_Task description_.
Please write every entry out again, exactly as it reads below.

╔══

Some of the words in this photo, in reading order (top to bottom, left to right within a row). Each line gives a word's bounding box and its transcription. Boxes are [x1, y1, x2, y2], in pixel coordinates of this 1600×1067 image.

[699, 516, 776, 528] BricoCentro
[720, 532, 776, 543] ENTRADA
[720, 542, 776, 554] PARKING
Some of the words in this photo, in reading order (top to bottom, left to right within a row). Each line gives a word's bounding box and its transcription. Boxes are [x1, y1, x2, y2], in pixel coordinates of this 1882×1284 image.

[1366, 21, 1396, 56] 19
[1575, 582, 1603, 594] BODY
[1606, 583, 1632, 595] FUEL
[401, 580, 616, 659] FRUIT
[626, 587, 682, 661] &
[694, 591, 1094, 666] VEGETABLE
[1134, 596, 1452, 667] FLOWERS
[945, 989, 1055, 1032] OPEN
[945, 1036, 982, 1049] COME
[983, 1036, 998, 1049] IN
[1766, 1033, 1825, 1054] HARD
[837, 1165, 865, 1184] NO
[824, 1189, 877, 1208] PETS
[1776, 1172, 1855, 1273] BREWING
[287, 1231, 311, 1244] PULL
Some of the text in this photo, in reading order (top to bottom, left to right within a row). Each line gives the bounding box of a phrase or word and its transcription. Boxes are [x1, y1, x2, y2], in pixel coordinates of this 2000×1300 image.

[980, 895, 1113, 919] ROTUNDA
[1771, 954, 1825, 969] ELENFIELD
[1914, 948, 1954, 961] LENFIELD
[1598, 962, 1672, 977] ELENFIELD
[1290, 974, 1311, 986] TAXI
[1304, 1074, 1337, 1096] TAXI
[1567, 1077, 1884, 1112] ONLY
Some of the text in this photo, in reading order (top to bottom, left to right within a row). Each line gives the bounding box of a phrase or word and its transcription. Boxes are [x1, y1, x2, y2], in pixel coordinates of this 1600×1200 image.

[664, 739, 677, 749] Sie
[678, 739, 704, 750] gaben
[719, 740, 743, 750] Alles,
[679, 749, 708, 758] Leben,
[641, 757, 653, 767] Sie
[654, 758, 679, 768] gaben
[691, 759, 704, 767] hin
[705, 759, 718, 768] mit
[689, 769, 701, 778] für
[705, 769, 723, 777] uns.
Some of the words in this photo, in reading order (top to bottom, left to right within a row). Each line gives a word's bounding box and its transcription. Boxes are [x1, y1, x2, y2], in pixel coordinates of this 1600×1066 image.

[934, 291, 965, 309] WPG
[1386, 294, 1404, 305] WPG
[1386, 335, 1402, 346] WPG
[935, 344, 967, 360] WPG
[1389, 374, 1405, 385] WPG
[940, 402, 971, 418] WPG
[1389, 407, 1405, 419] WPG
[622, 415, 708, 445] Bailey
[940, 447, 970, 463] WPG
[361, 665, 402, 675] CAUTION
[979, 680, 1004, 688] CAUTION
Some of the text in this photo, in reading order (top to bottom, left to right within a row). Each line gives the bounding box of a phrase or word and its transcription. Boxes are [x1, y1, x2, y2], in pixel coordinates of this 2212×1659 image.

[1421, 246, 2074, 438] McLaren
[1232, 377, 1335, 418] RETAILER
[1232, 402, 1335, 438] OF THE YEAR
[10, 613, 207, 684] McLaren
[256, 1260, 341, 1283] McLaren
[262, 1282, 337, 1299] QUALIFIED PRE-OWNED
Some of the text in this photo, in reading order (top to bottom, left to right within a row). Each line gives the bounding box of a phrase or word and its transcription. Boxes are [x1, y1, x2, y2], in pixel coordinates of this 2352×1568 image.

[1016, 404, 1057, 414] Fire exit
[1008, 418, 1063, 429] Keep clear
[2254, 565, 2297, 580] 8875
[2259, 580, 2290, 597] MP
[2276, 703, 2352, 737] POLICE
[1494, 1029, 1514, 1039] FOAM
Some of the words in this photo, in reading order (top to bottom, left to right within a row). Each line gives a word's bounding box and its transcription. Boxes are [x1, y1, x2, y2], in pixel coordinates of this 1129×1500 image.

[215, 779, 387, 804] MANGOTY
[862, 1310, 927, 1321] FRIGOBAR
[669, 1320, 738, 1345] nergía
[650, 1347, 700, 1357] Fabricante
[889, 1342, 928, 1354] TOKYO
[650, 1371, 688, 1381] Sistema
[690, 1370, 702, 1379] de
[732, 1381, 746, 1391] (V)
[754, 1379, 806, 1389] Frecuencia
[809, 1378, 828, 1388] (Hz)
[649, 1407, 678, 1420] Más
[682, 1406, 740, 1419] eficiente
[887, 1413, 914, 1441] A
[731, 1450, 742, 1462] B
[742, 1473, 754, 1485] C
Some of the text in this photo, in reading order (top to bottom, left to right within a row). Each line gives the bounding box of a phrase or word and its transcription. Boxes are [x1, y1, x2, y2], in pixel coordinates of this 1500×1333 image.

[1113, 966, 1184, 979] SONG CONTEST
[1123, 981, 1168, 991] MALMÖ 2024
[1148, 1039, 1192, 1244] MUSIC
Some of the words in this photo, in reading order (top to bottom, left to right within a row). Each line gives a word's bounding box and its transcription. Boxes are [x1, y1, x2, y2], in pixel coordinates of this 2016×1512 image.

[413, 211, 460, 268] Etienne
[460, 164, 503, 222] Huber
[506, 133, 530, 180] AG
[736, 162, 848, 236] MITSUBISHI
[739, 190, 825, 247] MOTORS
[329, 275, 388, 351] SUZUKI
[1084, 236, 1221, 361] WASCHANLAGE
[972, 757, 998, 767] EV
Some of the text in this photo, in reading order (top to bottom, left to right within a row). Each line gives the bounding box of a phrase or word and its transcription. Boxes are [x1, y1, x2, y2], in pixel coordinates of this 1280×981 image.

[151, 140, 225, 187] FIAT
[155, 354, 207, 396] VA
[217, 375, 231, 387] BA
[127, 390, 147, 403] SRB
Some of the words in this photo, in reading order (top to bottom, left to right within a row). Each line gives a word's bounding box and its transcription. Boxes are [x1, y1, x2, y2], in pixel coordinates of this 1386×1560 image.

╚══

_Answer space_.
Some of the words in this photo, in reading order (top to bottom, left to right within a row). Each line gives a word's bounding box and its transcription. Boxes are [x1, y1, x2, y2], in pixel coordinates of this 1600×1067 image.

[699, 516, 776, 528] BricoCentro
[720, 532, 776, 543] ENTRADA
[720, 542, 776, 554] PARKING
Some of the words in this photo, in reading order (top to bottom, left to right within a row). Each line gives a word's bounding box and its transcription. Boxes are [x1, y1, x2, y2], in pixel coordinates of this 1882×1284 image.

[1366, 21, 1396, 56] 19
[1575, 582, 1603, 594] BODY
[1606, 583, 1632, 595] FUEL
[401, 580, 616, 659] FRUIT
[626, 587, 682, 661] &
[694, 591, 1094, 666] VEGETABLE
[1134, 596, 1452, 667] FLOWERS
[945, 989, 1055, 1032] OPEN
[945, 1036, 982, 1049] COME
[983, 1036, 998, 1049] IN
[1766, 1033, 1825, 1054] HARD
[837, 1165, 865, 1184] NO
[824, 1189, 877, 1208] PETS
[1776, 1172, 1855, 1273] BREWING
[287, 1231, 311, 1244] PULL
Some of the text in this photo, in reading order (top to bottom, left to right within a row). Each line gives the bounding box of a phrase or word and its transcription. Boxes are [x1, y1, x2, y2], in pixel coordinates of this 2000×1300 image.

[980, 895, 1113, 919] ROTUNDA
[1771, 954, 1825, 969] ELENFIELD
[1914, 948, 1954, 961] LENFIELD
[1598, 962, 1672, 977] ELENFIELD
[1290, 974, 1311, 986] TAXI
[1304, 1074, 1337, 1096] TAXI
[1567, 1077, 1884, 1112] ONLY
Some of the text in this photo, in reading order (top to bottom, left to right within a row). Each line gives the bounding box of a phrase or word and its transcription. Boxes are [x1, y1, x2, y2], in pixel coordinates of this 1600×1200 image.

[664, 739, 677, 749] Sie
[678, 739, 704, 750] gaben
[719, 740, 743, 750] Alles,
[679, 749, 708, 758] Leben,
[641, 757, 653, 767] Sie
[654, 758, 679, 768] gaben
[691, 759, 704, 767] hin
[705, 759, 718, 768] mit
[689, 769, 701, 778] für
[705, 769, 723, 777] uns.
Some of the words in this photo, in reading order (top to bottom, left to right within a row). Each line gives a word's bounding box and its transcription. Boxes are [x1, y1, x2, y2], in pixel coordinates of this 1600×1066 image.

[934, 291, 965, 309] WPG
[1386, 294, 1404, 305] WPG
[1386, 335, 1402, 346] WPG
[935, 344, 967, 360] WPG
[1389, 374, 1405, 385] WPG
[940, 402, 971, 418] WPG
[1389, 407, 1405, 419] WPG
[622, 415, 708, 445] Bailey
[940, 447, 970, 463] WPG
[361, 665, 402, 675] CAUTION
[979, 680, 1004, 688] CAUTION
Some of the text in this photo, in reading order (top to bottom, left to right within a row). Each line gives the bounding box of a phrase or word and its transcription. Boxes are [x1, y1, x2, y2], in pixel coordinates of this 2212×1659 image.

[1421, 246, 2074, 438] McLaren
[1232, 377, 1335, 418] RETAILER
[1232, 402, 1335, 438] OF THE YEAR
[10, 613, 207, 684] McLaren
[256, 1260, 341, 1283] McLaren
[262, 1282, 337, 1299] QUALIFIED PRE-OWNED
Some of the text in this photo, in reading order (top to bottom, left to right within a row). Each line gives the bounding box of a phrase or word and its transcription. Boxes are [x1, y1, x2, y2], in pixel coordinates of this 2352×1568 image.

[1016, 404, 1057, 414] Fire exit
[1008, 418, 1063, 429] Keep clear
[2254, 565, 2297, 580] 8875
[2259, 580, 2290, 597] MP
[2276, 703, 2352, 737] POLICE
[1494, 1029, 1514, 1039] FOAM
Some of the words in this photo, in reading order (top to bottom, left to right within a row). Each line gives a word's bounding box and its transcription. Boxes are [x1, y1, x2, y2], in pixel coordinates of this 1129×1500 image.

[215, 779, 387, 804] MANGOTY
[862, 1310, 927, 1321] FRIGOBAR
[669, 1320, 738, 1345] nergía
[650, 1347, 700, 1357] Fabricante
[889, 1342, 928, 1354] TOKYO
[650, 1371, 688, 1381] Sistema
[690, 1370, 702, 1379] de
[732, 1381, 746, 1391] (V)
[754, 1379, 806, 1389] Frecuencia
[809, 1378, 828, 1388] (Hz)
[649, 1407, 678, 1420] Más
[682, 1406, 740, 1419] eficiente
[887, 1413, 914, 1441] A
[731, 1450, 742, 1462] B
[742, 1473, 754, 1485] C
Some of the text in this photo, in reading order (top to bottom, left to right within a row). Each line gives the bounding box of a phrase or word and its transcription. Boxes are [x1, y1, x2, y2], in pixel coordinates of this 1500×1333 image.

[1113, 966, 1184, 979] SONG CONTEST
[1123, 981, 1168, 991] MALMÖ 2024
[1148, 1039, 1192, 1244] MUSIC
Some of the words in this photo, in reading order (top to bottom, left to right within a row). Each line gives a word's bounding box and its transcription. Boxes are [x1, y1, x2, y2], in pixel coordinates of this 2016×1512 image.

[413, 211, 460, 268] Etienne
[460, 164, 503, 222] Huber
[506, 133, 530, 180] AG
[736, 162, 848, 236] MITSUBISHI
[739, 190, 825, 247] MOTORS
[329, 275, 388, 351] SUZUKI
[1084, 236, 1221, 361] WASCHANLAGE
[972, 757, 998, 767] EV
Some of the text in this photo, in reading order (top to bottom, left to right within a row). Each line gives the bounding box of a phrase or word and its transcription. Boxes are [x1, y1, x2, y2], in pixel coordinates of this 1280×981 image.

[151, 140, 225, 187] FIAT
[155, 354, 207, 396] VA
[217, 375, 231, 387] BA
[127, 390, 147, 403] SRB
Some of the words in this photo, in reading order (top to bottom, left to right within a row). Each line gives a word's bounding box and its transcription. Boxes are [x1, y1, x2, y2], in pixel coordinates of this 1386×1560 image.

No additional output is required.